● Task material
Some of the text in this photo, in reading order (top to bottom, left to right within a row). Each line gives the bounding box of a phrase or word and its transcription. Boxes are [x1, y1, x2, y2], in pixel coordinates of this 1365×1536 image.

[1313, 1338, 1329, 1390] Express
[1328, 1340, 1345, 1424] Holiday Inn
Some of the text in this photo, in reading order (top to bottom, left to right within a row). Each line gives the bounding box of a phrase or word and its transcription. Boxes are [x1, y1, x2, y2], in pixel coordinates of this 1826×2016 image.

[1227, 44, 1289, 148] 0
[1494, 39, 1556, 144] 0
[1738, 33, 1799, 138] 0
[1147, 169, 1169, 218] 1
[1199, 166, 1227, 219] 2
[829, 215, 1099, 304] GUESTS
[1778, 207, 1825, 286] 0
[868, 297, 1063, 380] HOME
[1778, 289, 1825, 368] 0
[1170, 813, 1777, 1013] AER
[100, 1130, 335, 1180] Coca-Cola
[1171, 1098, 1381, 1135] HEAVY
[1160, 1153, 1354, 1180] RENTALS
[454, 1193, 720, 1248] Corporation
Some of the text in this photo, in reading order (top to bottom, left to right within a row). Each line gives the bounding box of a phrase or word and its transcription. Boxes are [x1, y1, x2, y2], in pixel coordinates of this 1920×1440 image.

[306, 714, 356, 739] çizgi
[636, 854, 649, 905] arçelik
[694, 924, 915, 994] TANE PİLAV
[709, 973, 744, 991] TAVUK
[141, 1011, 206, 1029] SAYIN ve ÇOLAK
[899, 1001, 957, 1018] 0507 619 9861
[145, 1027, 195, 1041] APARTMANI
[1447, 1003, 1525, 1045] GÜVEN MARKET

● About this task
Each record should be transcribed exactly as it was written.

● Solution to the problem
Some of the text in this photo, in reading order (top to bottom, left to right within a row). Each line gives the bounding box of a phrase or word and its transcription. Boxes are [x1, y1, x2, y2], in pixel coordinates of this 1365×1536 image.

[1313, 1338, 1329, 1390] Express
[1328, 1340, 1345, 1424] Holiday Inn
Some of the text in this photo, in reading order (top to bottom, left to right within a row). Each line gives the bounding box of a phrase or word and its transcription. Boxes are [x1, y1, x2, y2], in pixel coordinates of this 1826×2016 image.

[1227, 44, 1289, 148] 0
[1494, 39, 1556, 144] 0
[1738, 33, 1799, 138] 0
[1147, 169, 1169, 218] 1
[1199, 166, 1227, 219] 2
[829, 215, 1099, 304] GUESTS
[1778, 207, 1825, 286] 0
[868, 297, 1063, 380] HOME
[1778, 289, 1825, 368] 0
[1170, 813, 1777, 1013] AER
[100, 1130, 335, 1180] Coca-Cola
[1171, 1098, 1381, 1135] HEAVY
[1160, 1153, 1354, 1180] RENTALS
[454, 1193, 720, 1248] Corporation
Some of the text in this photo, in reading order (top to bottom, left to right within a row). Each line gives the bounding box of a phrase or word and its transcription. Boxes are [x1, y1, x2, y2], in pixel coordinates of this 1920×1440 image.

[306, 714, 356, 739] çizgi
[636, 854, 649, 905] arçelik
[694, 924, 915, 994] TANE PİLAV
[709, 973, 744, 991] TAVUK
[141, 1011, 206, 1029] SAYIN ve ÇOLAK
[899, 1001, 957, 1018] 0507 619 9861
[145, 1027, 195, 1041] APARTMANI
[1447, 1003, 1525, 1045] GÜVEN MARKET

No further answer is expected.